Guest Speaker: Dr WANG Zhe, Walter
Assistant Professor, Department of Civil and Environmental Engineering, The Hong Kong University of Science and Technology
Dr Wang’s current research is about human-building interaction and building energy system control. Prior to joining HKUST, he was a Project Scientist in Lawrence Berkeley National Laboratory working on smart building control. Zhe has published 73 articles in SCI journals, 23 as first author, 8 as corresponding author, 6 as the co-first author. He has first authored 1 ESI highly cited paper and 2 Applied Energy highly cited papers. Recently, Zhe has won the first prize in the 2022 Global AI Challenge for Building E&M Facilities hosted by Hong Kong EMSD.
Abstract
With higher renewable penetration, demand side management becomes increasingly important to help maintain the real balance between supply and demand, and to help the grid absorb more renewable generations. Buildings are a major electricity end-user, which has large potential for demand response. However, the current rule-based control cannot unlock the demand response potential of buildings.

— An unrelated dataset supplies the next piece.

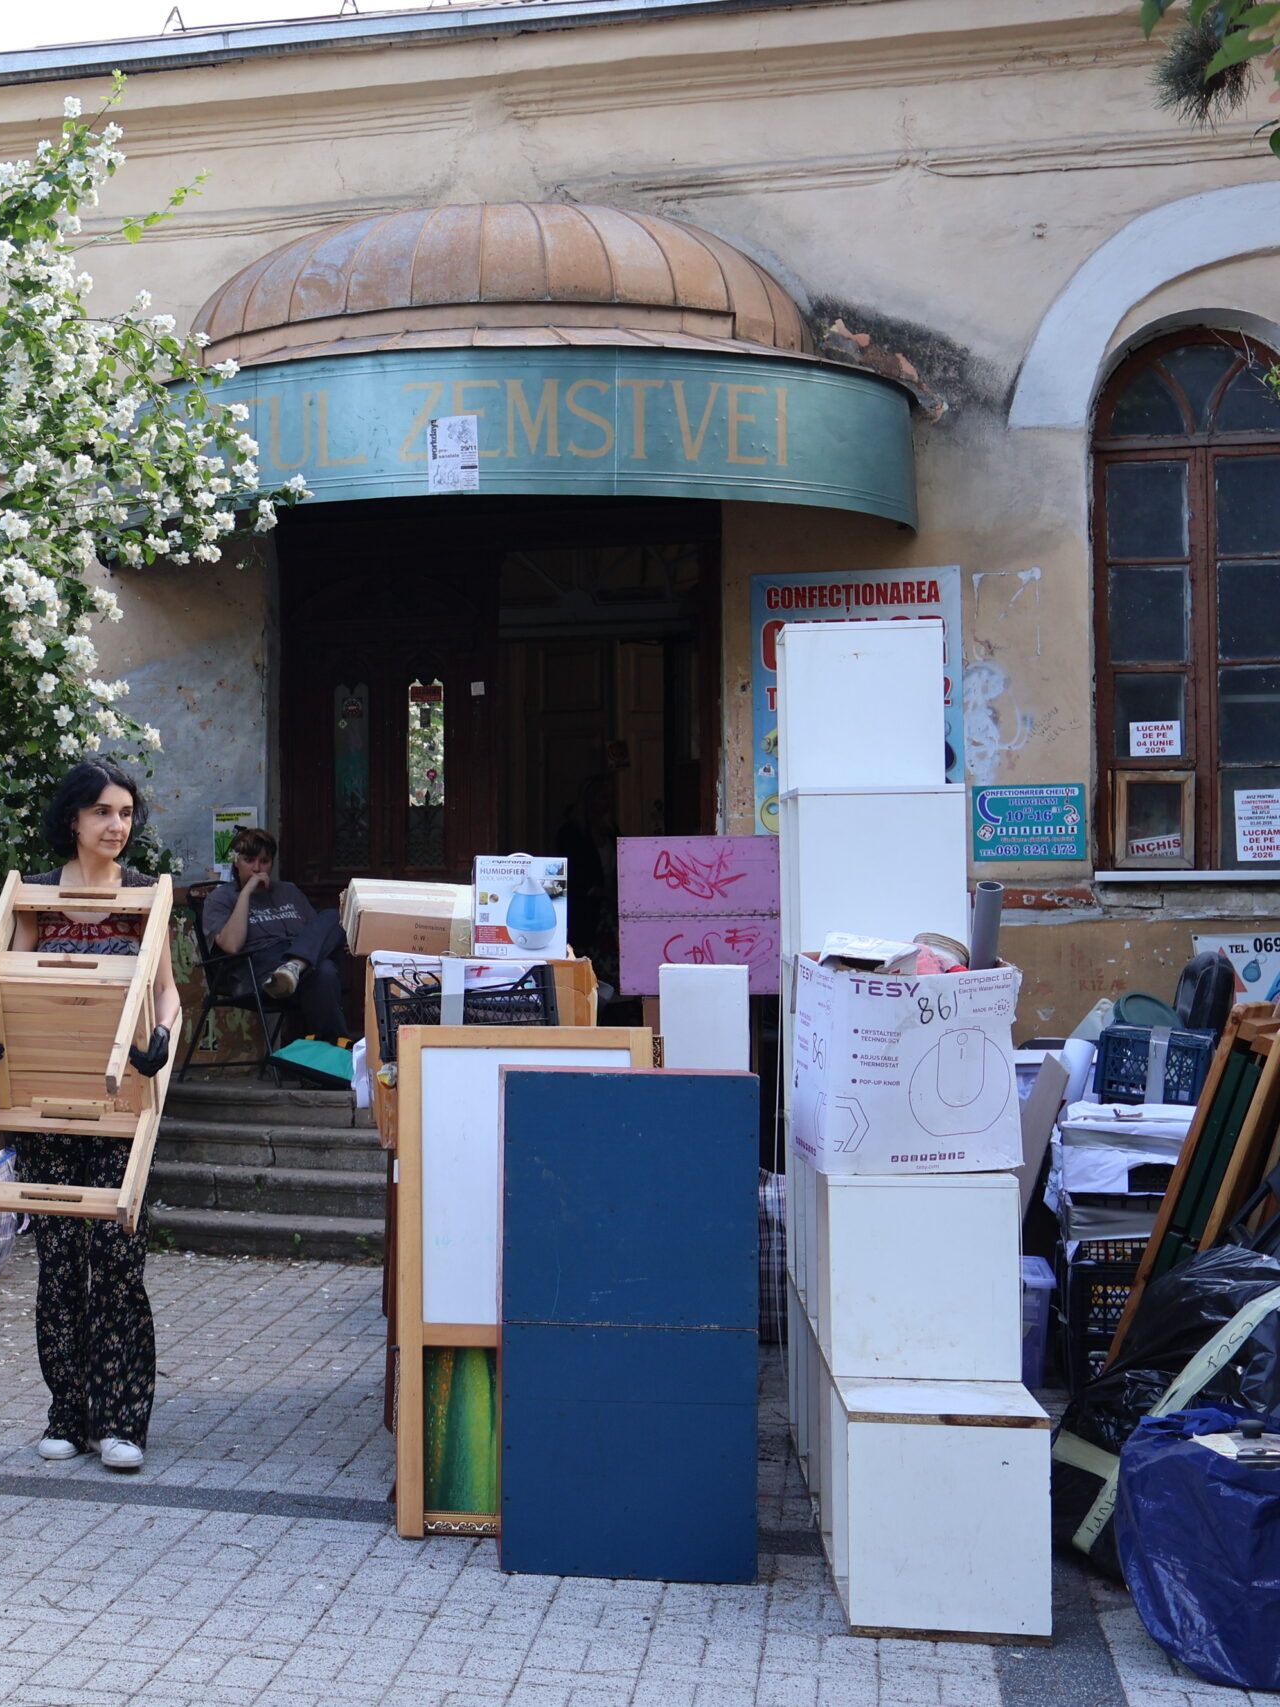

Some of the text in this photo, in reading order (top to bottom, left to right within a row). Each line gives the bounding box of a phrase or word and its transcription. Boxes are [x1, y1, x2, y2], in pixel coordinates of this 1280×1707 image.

In this talk, we will introduce how model predictive control can facilitate more efficient dynamic energy management, and help building respond to the grid signal in a more effective way. We will prove that battery management can be formulated as a convex optimization problem. We will also demonstrate that model predictive control is robust to model and prediction uncertainty. To achieve our carbon neutrality goal, a new building control paradigm, i.e., model predictive control rather than rule-based control, is needed.